1 - A participação eleitoral

O estudo da série dos resultados eleitorais dos últimos 30 anos ajuda à comprensão do que representam eleições de deputados em democracia de mercado e o seu escasso potencial transformador; nas mudanças na galeria dos vencedores e vencidos, sabe-se que nesse catálogo não está representada a multidão, os trabalhadores e os pobres residentes em Portugal.

O quadro seguinte oferece um panorama dos votos não dirigidos a partidos, onde se incluem aqueles passíveis de serem utilizados nos actos eleitorais e que deveriam ser os correspondentes a idêntico número de cidadãos que, por motivos vários, se não deram ao trabalho de uma deslocação ao local das urnas de voto. Esta designação – urna – não deixa de ser curiosa pelo que significa de local onde o cidadão enterra os seus direitos na discricionaridade dos seus putativos representantes.

Tendo em conta o dilatado lapso de tempo, seria normal e correcto começar pela observação do número de inscritos, como universo de referência que engloba todos os potenciais participantes nas eleições. Porém, o número de inscritos não é uma variável fidedigna, dada a má qualidade das actualizações dos recenseados, verdadeira montra da atenção e do cuidado com que os governos tratam a democracia.
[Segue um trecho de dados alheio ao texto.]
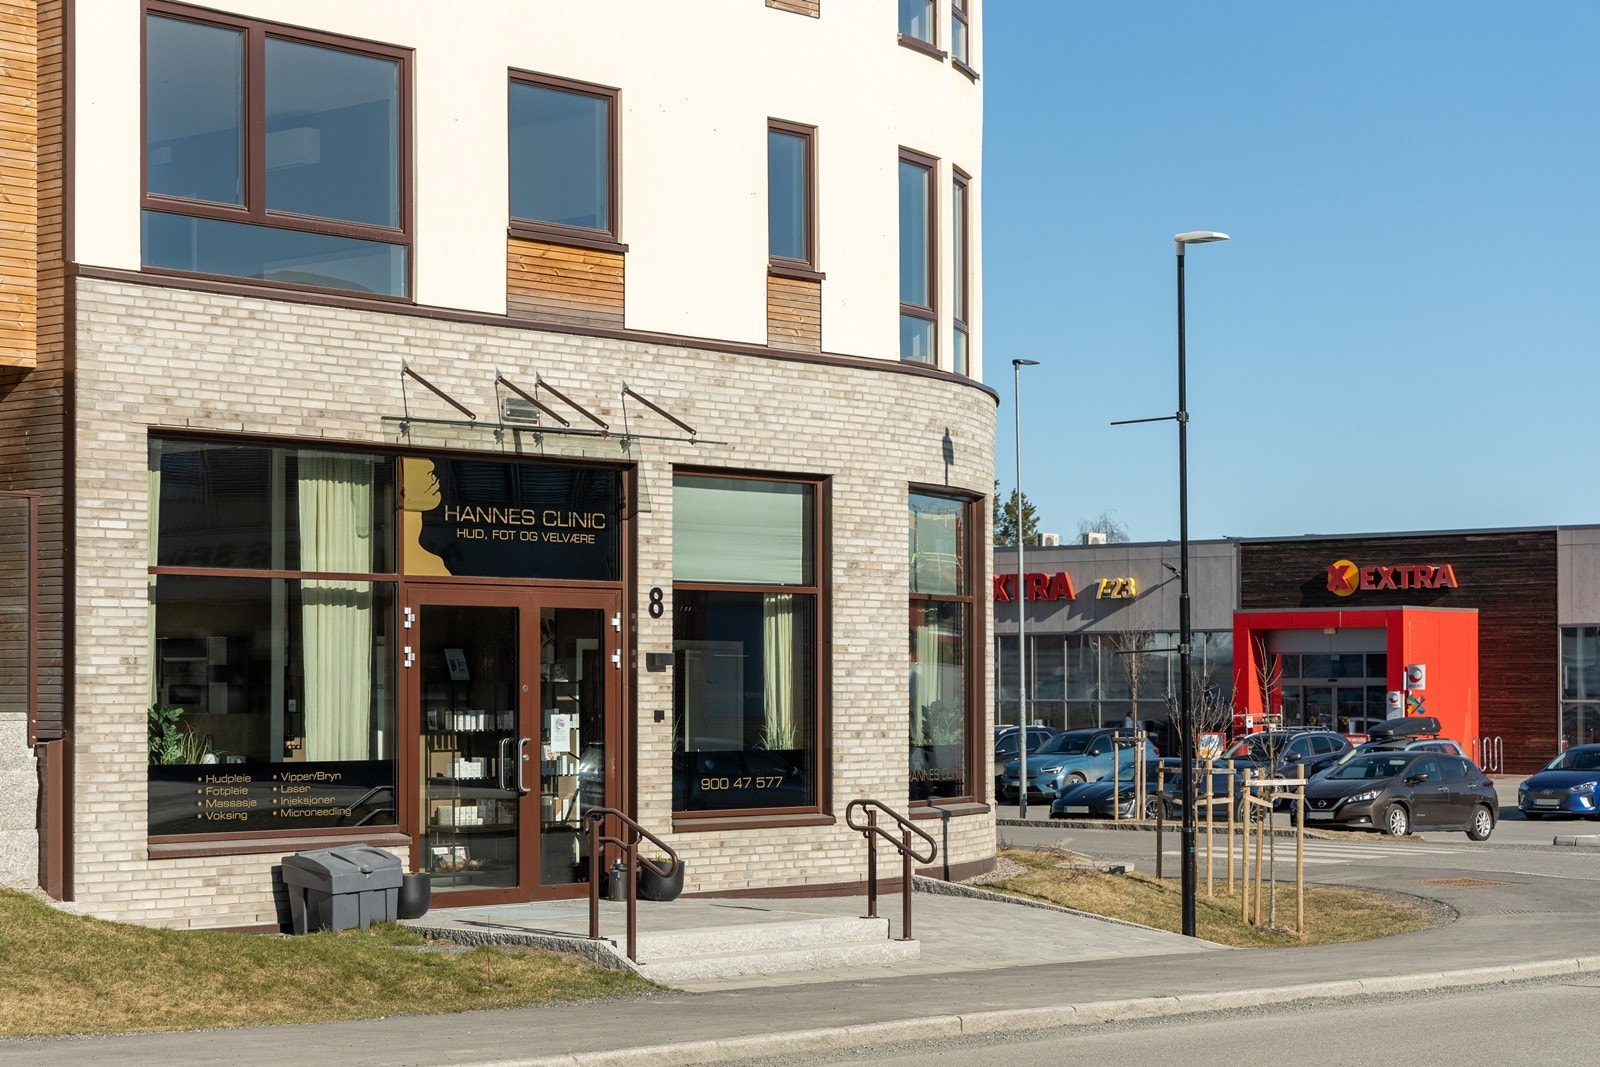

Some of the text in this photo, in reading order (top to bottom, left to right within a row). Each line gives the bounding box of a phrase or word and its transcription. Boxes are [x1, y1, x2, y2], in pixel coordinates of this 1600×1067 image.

[445, 505, 606, 529] HANNES CLINIC
[456, 528, 596, 544] HUD, FOT OG VELVÆRE
[1359, 564, 1458, 590] EXTRA
[993, 572, 1076, 602] XTRA
[1094, 578, 1138, 599] 7-23
[648, 587, 664, 619] 8
[206, 774, 252, 785] Hudpleie
[280, 772, 342, 782] Vipper/Bryn
[701, 776, 783, 790] 900 47 577
[206, 786, 248, 797] Fotpleie
[280, 784, 310, 794] Laser
[206, 798, 257, 809] Massasje
[280, 796, 336, 806] Injeksjoner
[206, 811, 248, 822] Voksing
[280, 807, 352, 818] Microneedling
Conforme se referiu recentemente (v. Eleições europeias 2009 – limitações e oportunidades), como a eleição de mandarins não é prejudicada pelo número de abstenções e este, não é considerado um elemento com impacto castigador no financiamento dos partidos, a classe política não investe na permanente actualização do recenseamento. Sendo assim, o número de eleitores tanto pode descer, como subir pouco ou acentuadamente, embora se mantenha bastante estável em 1995/2005. Tal como se verificou para as eleições europeias, tudo indica que, este ano, a colheita de eleitores será abundante.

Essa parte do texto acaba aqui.